■ What to do: The required output is the complete data, repeated without alteration.

Records shown section start

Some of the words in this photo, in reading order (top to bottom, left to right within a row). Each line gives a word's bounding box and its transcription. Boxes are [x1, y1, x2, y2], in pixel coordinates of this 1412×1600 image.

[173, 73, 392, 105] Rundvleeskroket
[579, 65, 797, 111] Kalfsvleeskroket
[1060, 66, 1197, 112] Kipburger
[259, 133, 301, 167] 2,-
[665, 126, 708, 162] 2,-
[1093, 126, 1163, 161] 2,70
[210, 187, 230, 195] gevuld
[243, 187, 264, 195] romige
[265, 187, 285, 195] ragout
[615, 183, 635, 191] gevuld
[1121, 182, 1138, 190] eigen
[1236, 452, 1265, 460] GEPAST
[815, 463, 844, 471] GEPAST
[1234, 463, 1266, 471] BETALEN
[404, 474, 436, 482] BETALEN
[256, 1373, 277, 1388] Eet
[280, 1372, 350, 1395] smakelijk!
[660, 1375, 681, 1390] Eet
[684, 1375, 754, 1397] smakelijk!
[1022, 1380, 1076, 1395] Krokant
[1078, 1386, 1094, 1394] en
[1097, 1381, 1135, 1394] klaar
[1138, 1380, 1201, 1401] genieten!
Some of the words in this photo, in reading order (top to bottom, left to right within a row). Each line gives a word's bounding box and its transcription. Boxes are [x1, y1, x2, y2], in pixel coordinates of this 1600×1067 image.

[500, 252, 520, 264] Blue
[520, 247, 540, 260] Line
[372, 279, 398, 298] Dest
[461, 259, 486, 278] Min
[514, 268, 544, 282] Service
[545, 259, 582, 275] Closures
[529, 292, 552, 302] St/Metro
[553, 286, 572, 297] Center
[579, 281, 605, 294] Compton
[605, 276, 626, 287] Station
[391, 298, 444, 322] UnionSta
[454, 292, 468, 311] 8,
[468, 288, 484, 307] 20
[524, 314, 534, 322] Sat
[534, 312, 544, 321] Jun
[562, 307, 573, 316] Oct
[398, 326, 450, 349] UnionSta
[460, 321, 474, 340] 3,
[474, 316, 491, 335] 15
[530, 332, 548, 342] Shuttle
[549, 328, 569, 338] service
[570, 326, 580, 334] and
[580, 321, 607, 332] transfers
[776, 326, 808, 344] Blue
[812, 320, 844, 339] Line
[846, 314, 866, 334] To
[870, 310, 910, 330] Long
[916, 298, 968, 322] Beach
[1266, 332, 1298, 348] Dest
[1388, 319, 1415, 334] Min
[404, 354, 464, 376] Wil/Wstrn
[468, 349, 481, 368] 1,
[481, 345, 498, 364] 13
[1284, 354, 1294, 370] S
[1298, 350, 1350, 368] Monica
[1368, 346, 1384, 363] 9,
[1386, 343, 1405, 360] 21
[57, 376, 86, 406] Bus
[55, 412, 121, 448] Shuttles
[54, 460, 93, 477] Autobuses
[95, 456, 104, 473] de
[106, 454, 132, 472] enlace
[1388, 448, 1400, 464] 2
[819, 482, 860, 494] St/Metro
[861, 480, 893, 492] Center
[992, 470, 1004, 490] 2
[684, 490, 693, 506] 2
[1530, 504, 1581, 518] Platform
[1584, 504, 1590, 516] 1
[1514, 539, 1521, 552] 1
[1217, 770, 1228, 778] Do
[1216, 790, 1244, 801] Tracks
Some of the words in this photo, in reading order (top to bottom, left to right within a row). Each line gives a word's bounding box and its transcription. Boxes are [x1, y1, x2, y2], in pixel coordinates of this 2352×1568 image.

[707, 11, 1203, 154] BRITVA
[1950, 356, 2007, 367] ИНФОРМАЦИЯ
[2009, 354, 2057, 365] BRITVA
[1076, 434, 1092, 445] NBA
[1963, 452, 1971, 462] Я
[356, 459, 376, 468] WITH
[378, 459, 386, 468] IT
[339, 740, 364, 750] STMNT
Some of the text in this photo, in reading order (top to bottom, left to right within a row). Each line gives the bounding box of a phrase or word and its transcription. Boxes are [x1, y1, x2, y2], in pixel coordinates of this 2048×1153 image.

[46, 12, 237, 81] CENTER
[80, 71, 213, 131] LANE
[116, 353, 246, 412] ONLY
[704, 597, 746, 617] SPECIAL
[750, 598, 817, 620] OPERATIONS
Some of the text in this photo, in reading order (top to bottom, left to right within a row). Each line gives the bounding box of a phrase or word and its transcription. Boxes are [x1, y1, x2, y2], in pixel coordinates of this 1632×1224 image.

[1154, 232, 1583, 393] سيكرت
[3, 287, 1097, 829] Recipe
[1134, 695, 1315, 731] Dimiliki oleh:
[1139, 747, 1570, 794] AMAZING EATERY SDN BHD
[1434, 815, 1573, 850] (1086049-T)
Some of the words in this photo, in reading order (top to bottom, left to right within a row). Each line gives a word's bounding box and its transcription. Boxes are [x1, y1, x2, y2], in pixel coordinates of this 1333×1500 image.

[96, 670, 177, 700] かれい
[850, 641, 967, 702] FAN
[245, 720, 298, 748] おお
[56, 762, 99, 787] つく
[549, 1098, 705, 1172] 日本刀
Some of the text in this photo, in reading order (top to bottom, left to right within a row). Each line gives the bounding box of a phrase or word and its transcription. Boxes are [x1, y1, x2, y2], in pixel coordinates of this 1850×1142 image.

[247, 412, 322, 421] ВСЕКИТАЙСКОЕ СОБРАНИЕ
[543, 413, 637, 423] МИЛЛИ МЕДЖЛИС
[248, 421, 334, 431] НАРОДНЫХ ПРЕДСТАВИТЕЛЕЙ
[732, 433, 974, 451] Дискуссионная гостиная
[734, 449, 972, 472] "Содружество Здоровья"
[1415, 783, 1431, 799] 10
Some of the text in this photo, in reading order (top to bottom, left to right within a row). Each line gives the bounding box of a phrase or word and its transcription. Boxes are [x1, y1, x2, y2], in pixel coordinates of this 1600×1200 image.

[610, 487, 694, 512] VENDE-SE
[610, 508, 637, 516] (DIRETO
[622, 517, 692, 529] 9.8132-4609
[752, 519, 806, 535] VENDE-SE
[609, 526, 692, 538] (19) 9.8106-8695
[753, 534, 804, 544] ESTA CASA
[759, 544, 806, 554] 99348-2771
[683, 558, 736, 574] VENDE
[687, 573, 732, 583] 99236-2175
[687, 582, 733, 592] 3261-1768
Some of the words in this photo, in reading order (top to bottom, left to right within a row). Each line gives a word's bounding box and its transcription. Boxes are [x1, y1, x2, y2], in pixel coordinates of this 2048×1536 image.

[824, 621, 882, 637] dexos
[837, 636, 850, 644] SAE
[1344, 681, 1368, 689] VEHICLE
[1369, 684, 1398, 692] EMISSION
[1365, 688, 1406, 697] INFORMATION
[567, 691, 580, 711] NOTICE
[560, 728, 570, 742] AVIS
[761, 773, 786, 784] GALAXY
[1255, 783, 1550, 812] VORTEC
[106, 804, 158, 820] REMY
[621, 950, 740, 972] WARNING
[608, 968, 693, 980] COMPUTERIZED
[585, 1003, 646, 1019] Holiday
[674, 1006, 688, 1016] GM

Records shown section end

■ Solved exercise:
Some of the words in this photo, in reading order (top to bottom, left to right within a row). Each line gives a word's bounding box and its transcription. Boxes are [x1, y1, x2, y2], in pixel coordinates of this 1412×1600 image.

[173, 73, 392, 105] Rundvleeskroket
[579, 65, 797, 111] Kalfsvleeskroket
[1060, 66, 1197, 112] Kipburger
[259, 133, 301, 167] 2,-
[665, 126, 708, 162] 2,-
[1093, 126, 1163, 161] 2,70
[210, 187, 230, 195] gevuld
[243, 187, 264, 195] romige
[265, 187, 285, 195] ragout
[615, 183, 635, 191] gevuld
[1121, 182, 1138, 190] eigen
[1236, 452, 1265, 460] GEPAST
[815, 463, 844, 471] GEPAST
[1234, 463, 1266, 471] BETALEN
[404, 474, 436, 482] BETALEN
[256, 1373, 277, 1388] Eet
[280, 1372, 350, 1395] smakelijk!
[660, 1375, 681, 1390] Eet
[684, 1375, 754, 1397] smakelijk!
[1022, 1380, 1076, 1395] Krokant
[1078, 1386, 1094, 1394] en
[1097, 1381, 1135, 1394] klaar
[1138, 1380, 1201, 1401] genieten!
Some of the words in this photo, in reading order (top to bottom, left to right within a row). Each line gives a word's bounding box and its transcription. Boxes are [x1, y1, x2, y2], in pixel coordinates of this 1600×1067 image.

[500, 252, 520, 264] Blue
[520, 247, 540, 260] Line
[372, 279, 398, 298] Dest
[461, 259, 486, 278] Min
[514, 268, 544, 282] Service
[545, 259, 582, 275] Closures
[529, 292, 552, 302] St/Metro
[553, 286, 572, 297] Center
[579, 281, 605, 294] Compton
[605, 276, 626, 287] Station
[391, 298, 444, 322] UnionSta
[454, 292, 468, 311] 8,
[468, 288, 484, 307] 20
[524, 314, 534, 322] Sat
[534, 312, 544, 321] Jun
[562, 307, 573, 316] Oct
[398, 326, 450, 349] UnionSta
[460, 321, 474, 340] 3,
[474, 316, 491, 335] 15
[530, 332, 548, 342] Shuttle
[549, 328, 569, 338] service
[570, 326, 580, 334] and
[580, 321, 607, 332] transfers
[776, 326, 808, 344] Blue
[812, 320, 844, 339] Line
[846, 314, 866, 334] To
[870, 310, 910, 330] Long
[916, 298, 968, 322] Beach
[1266, 332, 1298, 348] Dest
[1388, 319, 1415, 334] Min
[404, 354, 464, 376] Wil/Wstrn
[468, 349, 481, 368] 1,
[481, 345, 498, 364] 13
[1284, 354, 1294, 370] S
[1298, 350, 1350, 368] Monica
[1368, 346, 1384, 363] 9,
[1386, 343, 1405, 360] 21
[57, 376, 86, 406] Bus
[55, 412, 121, 448] Shuttles
[54, 460, 93, 477] Autobuses
[95, 456, 104, 473] de
[106, 454, 132, 472] enlace
[1388, 448, 1400, 464] 2
[819, 482, 860, 494] St/Metro
[861, 480, 893, 492] Center
[992, 470, 1004, 490] 2
[684, 490, 693, 506] 2
[1530, 504, 1581, 518] Platform
[1584, 504, 1590, 516] 1
[1514, 539, 1521, 552] 1
[1217, 770, 1228, 778] Do
[1216, 790, 1244, 801] Tracks
Some of the words in this photo, in reading order (top to bottom, left to right within a row). Each line gives a word's bounding box and its transcription. Boxes are [x1, y1, x2, y2], in pixel coordinates of this 2352×1568 image.

[707, 11, 1203, 154] BRITVA
[1950, 356, 2007, 367] ИНФОРМАЦИЯ
[2009, 354, 2057, 365] BRITVA
[1076, 434, 1092, 445] NBA
[1963, 452, 1971, 462] Я
[356, 459, 376, 468] WITH
[378, 459, 386, 468] IT
[339, 740, 364, 750] STMNT
Some of the text in this photo, in reading order (top to bottom, left to right within a row). Each line gives the bounding box of a phrase or word and its transcription. Boxes are [x1, y1, x2, y2], in pixel coordinates of this 2048×1153 image.

[46, 12, 237, 81] CENTER
[80, 71, 213, 131] LANE
[116, 353, 246, 412] ONLY
[704, 597, 746, 617] SPECIAL
[750, 598, 817, 620] OPERATIONS
Some of the text in this photo, in reading order (top to bottom, left to right within a row). Each line gives the bounding box of a phrase or word and its transcription. Boxes are [x1, y1, x2, y2], in pixel coordinates of this 1632×1224 image.

[1154, 232, 1583, 393] سيكرت
[3, 287, 1097, 829] Recipe
[1134, 695, 1315, 731] Dimiliki oleh:
[1139, 747, 1570, 794] AMAZING EATERY SDN BHD
[1434, 815, 1573, 850] (1086049-T)
Some of the words in this photo, in reading order (top to bottom, left to right within a row). Each line gives a word's bounding box and its transcription. Boxes are [x1, y1, x2, y2], in pixel coordinates of this 1333×1500 image.

[96, 670, 177, 700] かれい
[850, 641, 967, 702] FAN
[245, 720, 298, 748] おお
[56, 762, 99, 787] つく
[549, 1098, 705, 1172] 日本刀
Some of the text in this photo, in reading order (top to bottom, left to right within a row). Each line gives the bounding box of a phrase or word and its transcription. Boxes are [x1, y1, x2, y2], in pixel coordinates of this 1850×1142 image.

[247, 412, 322, 421] ВСЕКИТАЙСКОЕ СОБРАНИЕ
[543, 413, 637, 423] МИЛЛИ МЕДЖЛИС
[248, 421, 334, 431] НАРОДНЫХ ПРЕДСТАВИТЕЛЕЙ
[732, 433, 974, 451] Дискуссионная гостиная
[734, 449, 972, 472] "Содружество Здоровья"
[1415, 783, 1431, 799] 10
Some of the text in this photo, in reading order (top to bottom, left to right within a row). Each line gives the bounding box of a phrase or word and its transcription. Boxes are [x1, y1, x2, y2], in pixel coordinates of this 1600×1200 image.

[610, 487, 694, 512] VENDE-SE
[610, 508, 637, 516] (DIRETO
[622, 517, 692, 529] 9.8132-4609
[752, 519, 806, 535] VENDE-SE
[609, 526, 692, 538] (19) 9.8106-8695
[753, 534, 804, 544] ESTA CASA
[759, 544, 806, 554] 99348-2771
[683, 558, 736, 574] VENDE
[687, 573, 732, 583] 99236-2175
[687, 582, 733, 592] 3261-1768
Some of the words in this photo, in reading order (top to bottom, left to right within a row). Each line gives a word's bounding box and its transcription. Boxes are [x1, y1, x2, y2], in pixel coordinates of this 2048×1536 image.

[824, 621, 882, 637] dexos
[837, 636, 850, 644] SAE
[1344, 681, 1368, 689] VEHICLE
[1369, 684, 1398, 692] EMISSION
[1365, 688, 1406, 697] INFORMATION
[567, 691, 580, 711] NOTICE
[560, 728, 570, 742] AVIS
[761, 773, 786, 784] GALAXY
[1255, 783, 1550, 812] VORTEC
[106, 804, 158, 820] REMY
[621, 950, 740, 972] WARNING
[608, 968, 693, 980] COMPUTERIZED
[585, 1003, 646, 1019] Holiday
[674, 1006, 688, 1016] GM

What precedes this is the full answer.